*TASK BRIEF*: Any picture in the data below should be skipped, while every line is repeated exactly.

*SUPPLIED INFORMATION*:
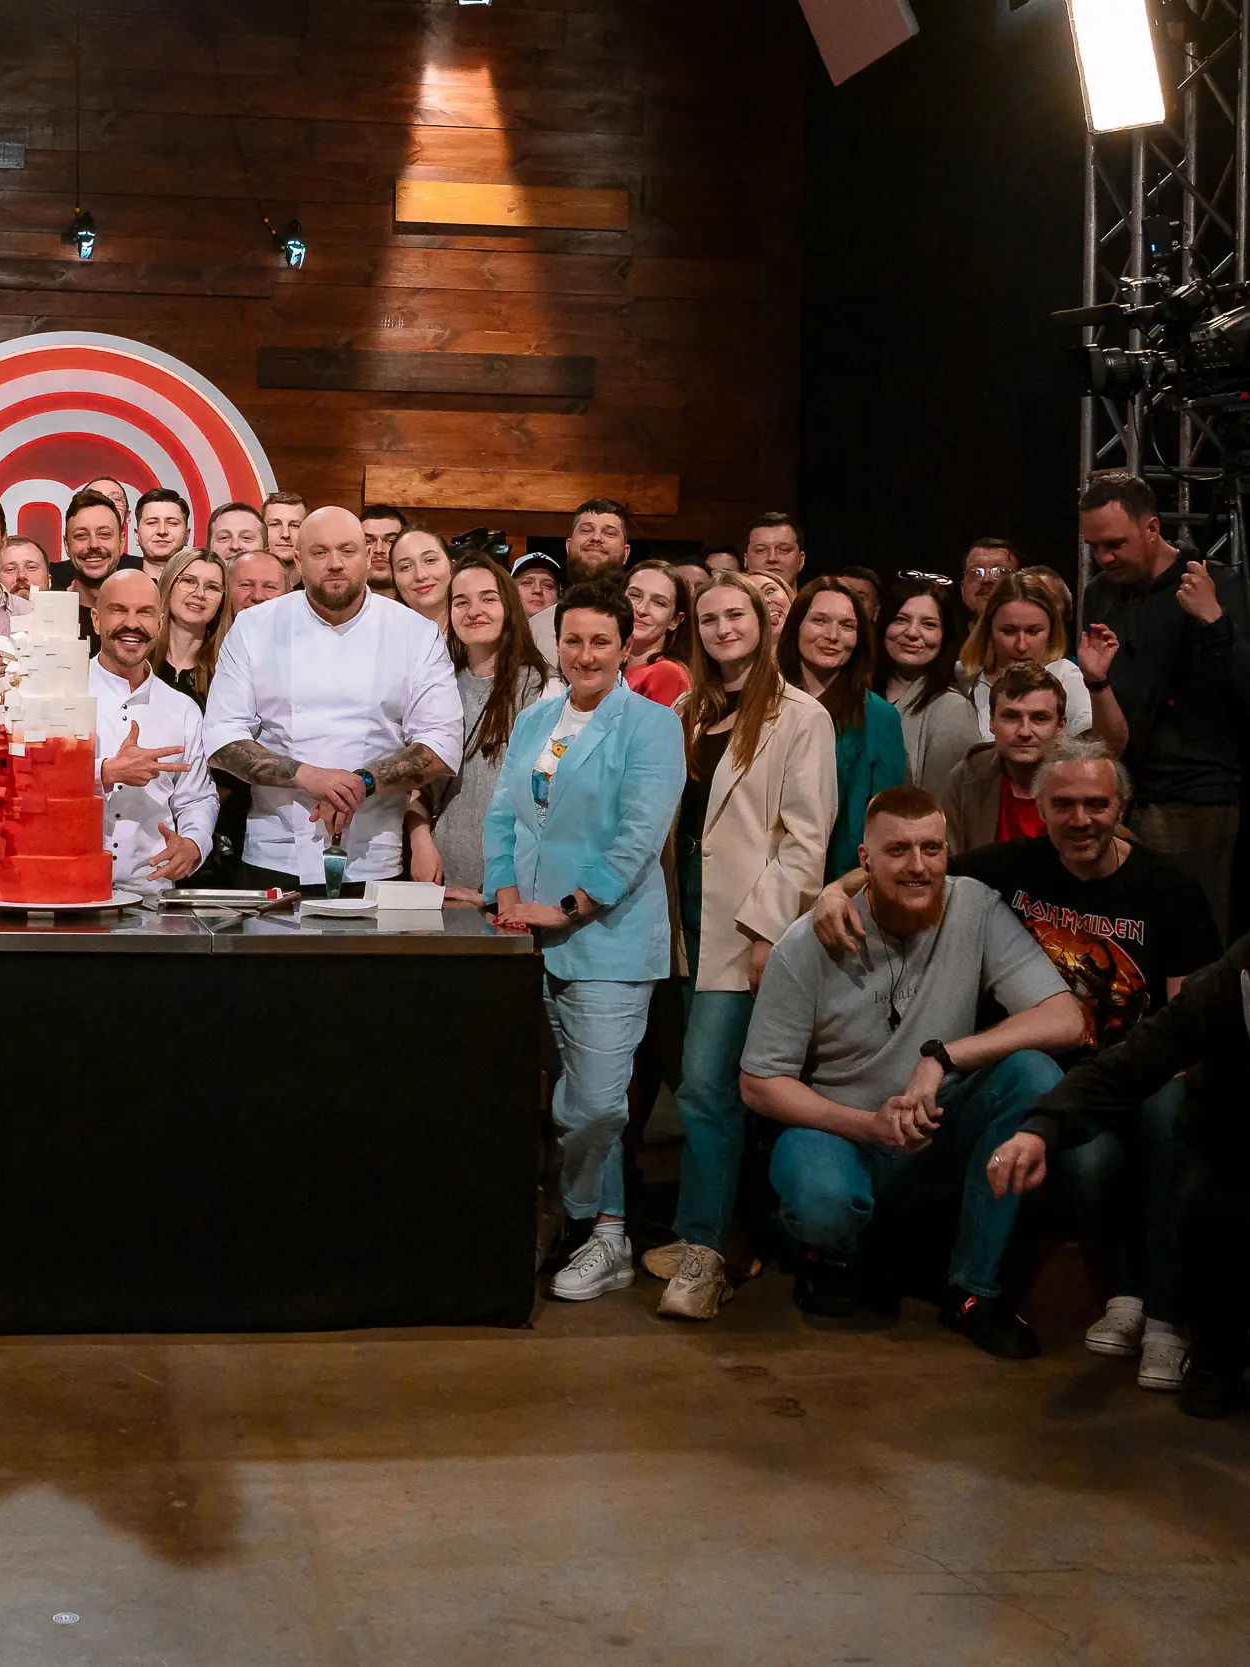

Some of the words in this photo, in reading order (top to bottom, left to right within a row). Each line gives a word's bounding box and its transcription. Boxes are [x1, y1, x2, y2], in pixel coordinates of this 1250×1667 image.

[1012, 889, 1059, 929] IRON
[1062, 908, 1145, 946] MAIDEN
[873, 986, 920, 1004] lesure
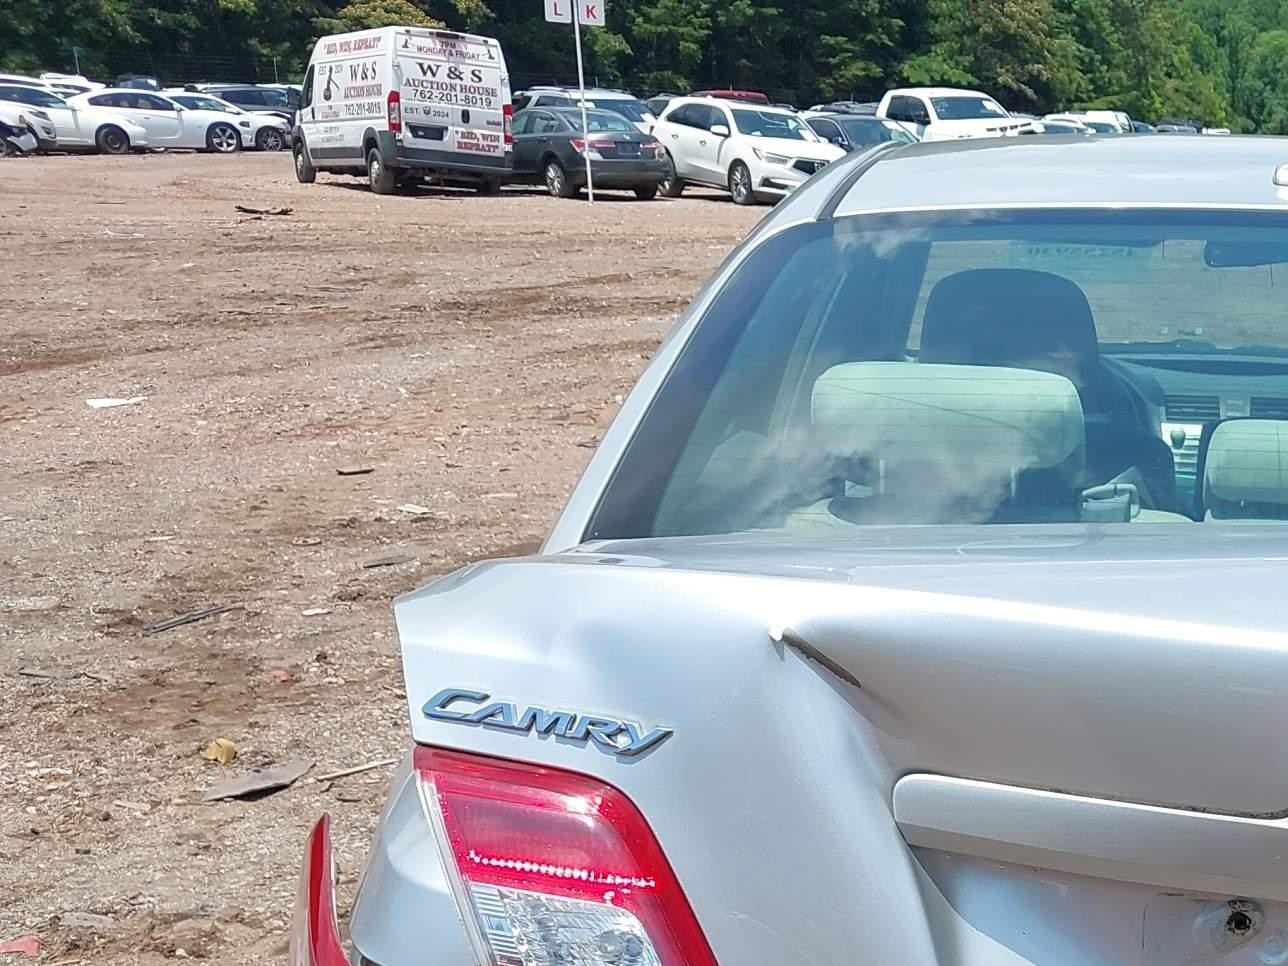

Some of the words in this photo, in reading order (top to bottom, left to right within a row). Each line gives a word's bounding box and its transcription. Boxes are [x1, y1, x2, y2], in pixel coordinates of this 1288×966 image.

[553, 2, 563, 16] L
[586, 4, 597, 19] K
[416, 45, 446, 56] MONDAY
[455, 50, 480, 61] FRIDAY
[349, 64, 360, 82] W
[361, 62, 369, 81] &
[371, 61, 377, 80] S
[416, 62, 442, 78] W
[447, 65, 464, 81] &
[470, 69, 482, 83] S
[344, 86, 365, 99] AUCTION
[366, 83, 382, 97] HOUSE
[403, 77, 457, 92] AUCTION
[460, 84, 498, 98] HOUSE
[412, 88, 492, 107] 762-201-8019
[345, 102, 381, 116] 762-201-8019
[480, 133, 501, 143] WIN
[422, 687, 674, 759] CAMRY
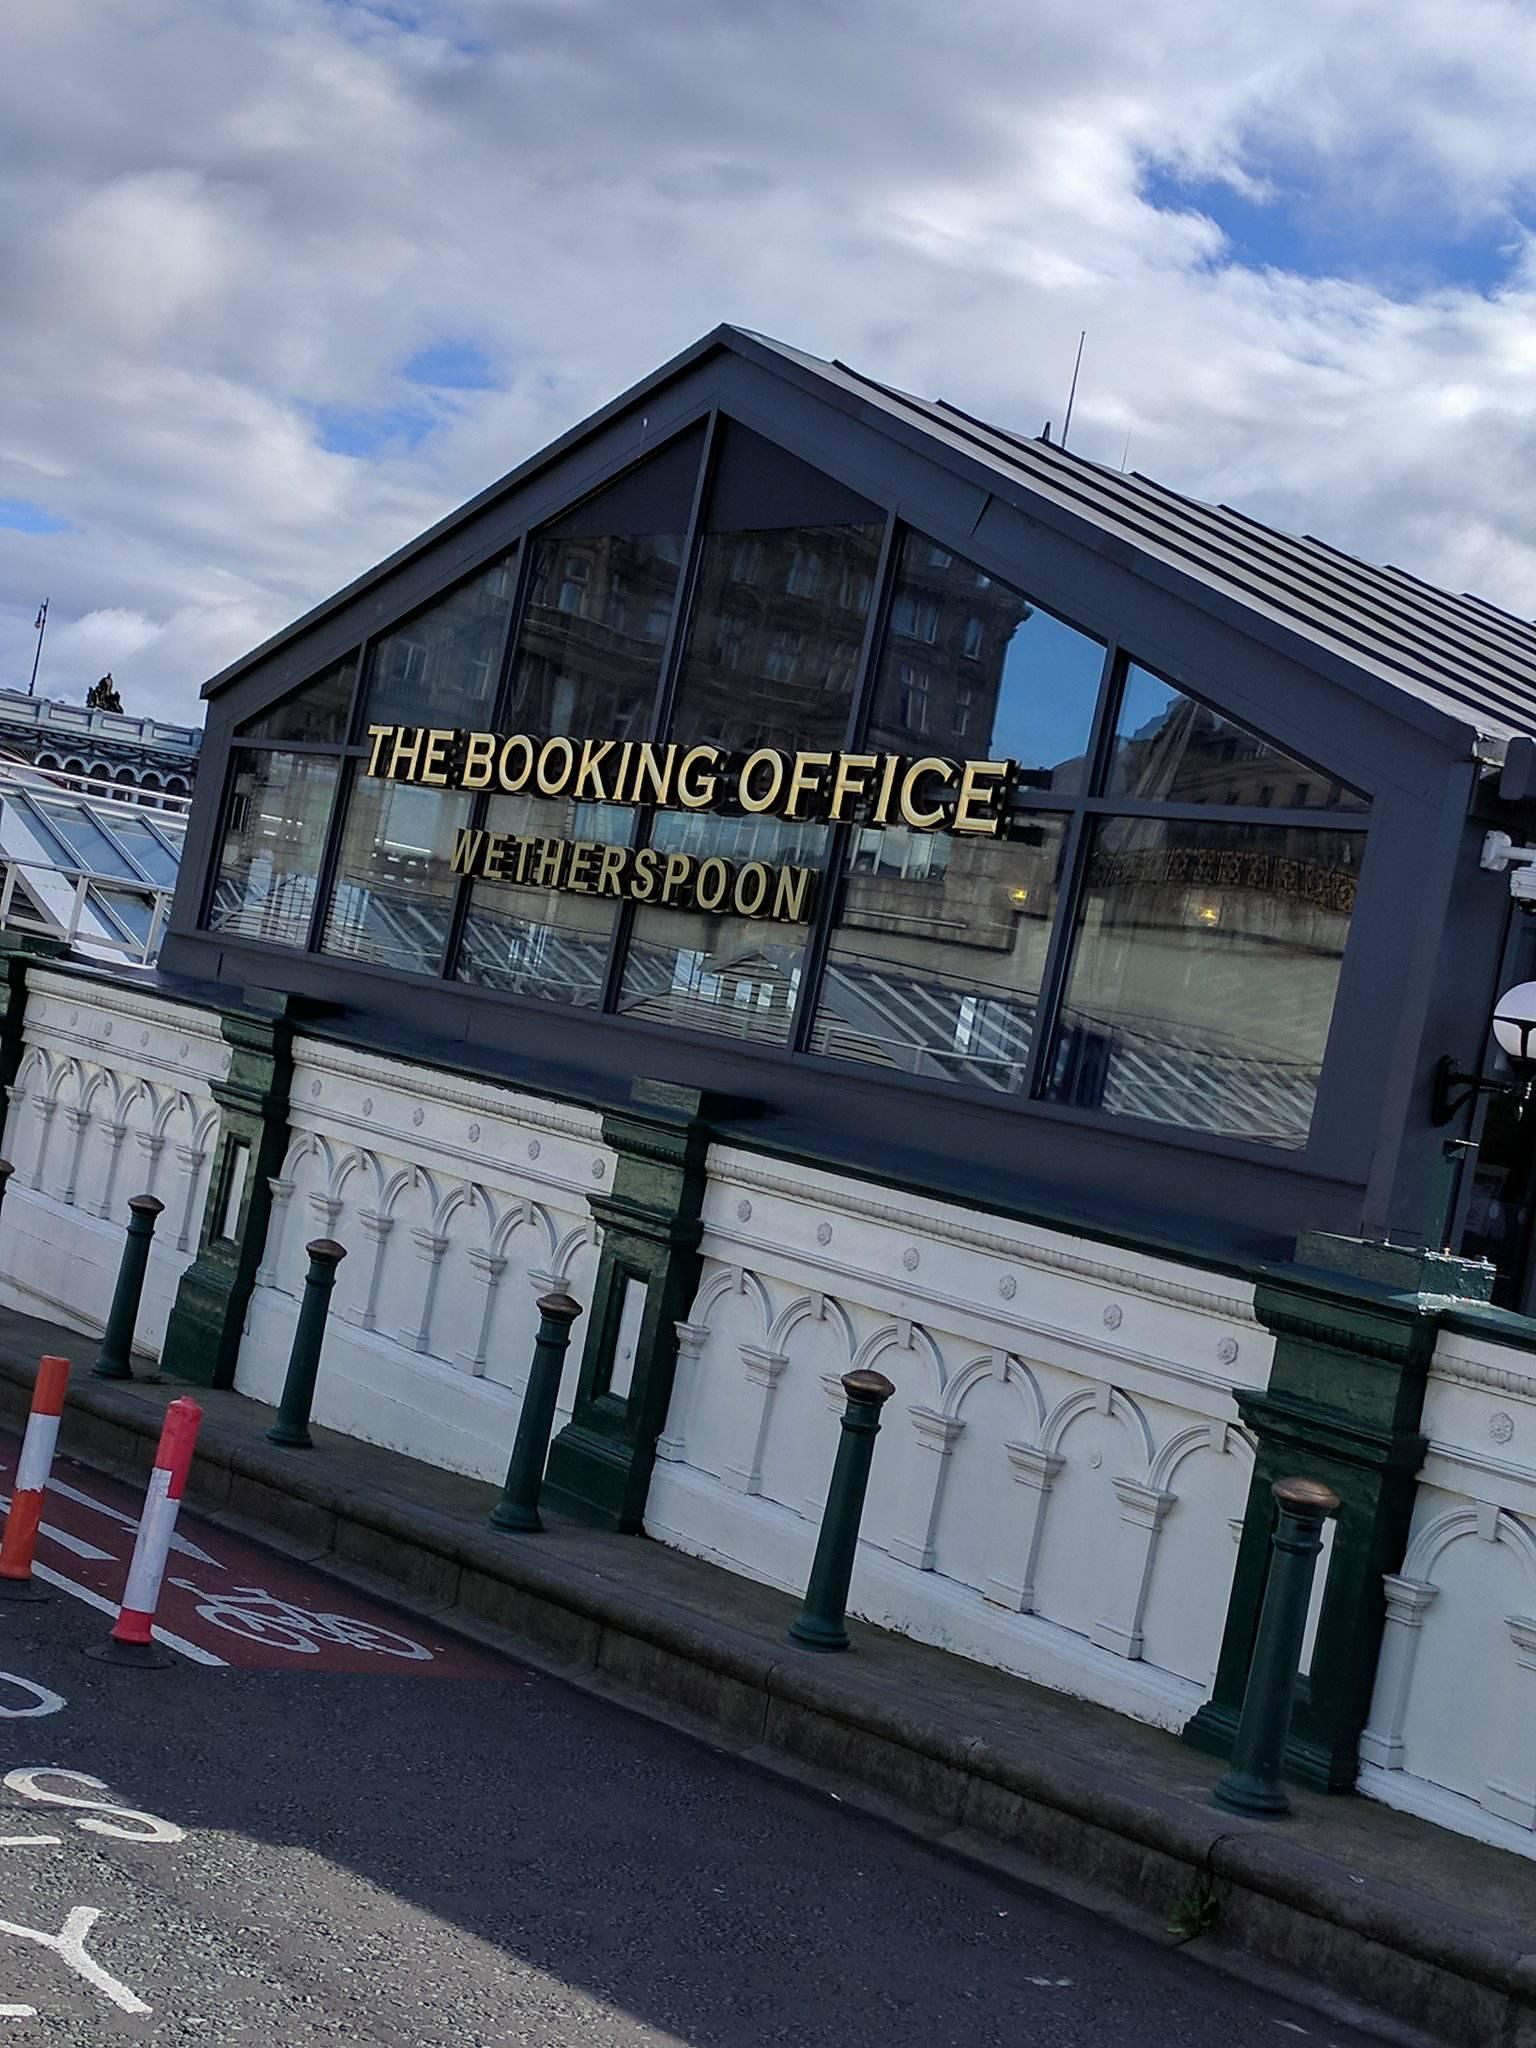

*ANSWER SECTION*:
Some of the words in this photo, in reading order (top to bottom, left to right within a row). Each line gives a word's bounding box and its transcription. Boxes are [x1, y1, x2, y2], in pixel coordinates of this 1250×1667 image.

[1012, 889, 1059, 929] IRON
[1062, 908, 1145, 946] MAIDEN
[873, 986, 920, 1004] lesure

Some of the words in this photo, in reading order (top to bottom, left to right within a row). Each line gives a word's bounding box and its transcription. Boxes are [x1, y1, x2, y2], in pixel coordinates of this 1288×966 image.

[553, 2, 563, 16] L
[586, 4, 597, 19] K
[416, 45, 446, 56] MONDAY
[455, 50, 480, 61] FRIDAY
[349, 64, 360, 82] W
[361, 62, 369, 81] &
[371, 61, 377, 80] S
[416, 62, 442, 78] W
[447, 65, 464, 81] &
[470, 69, 482, 83] S
[344, 86, 365, 99] AUCTION
[366, 83, 382, 97] HOUSE
[403, 77, 457, 92] AUCTION
[460, 84, 498, 98] HOUSE
[412, 88, 492, 107] 762-201-8019
[345, 102, 381, 116] 762-201-8019
[480, 133, 501, 143] WIN
[422, 687, 674, 759] CAMRY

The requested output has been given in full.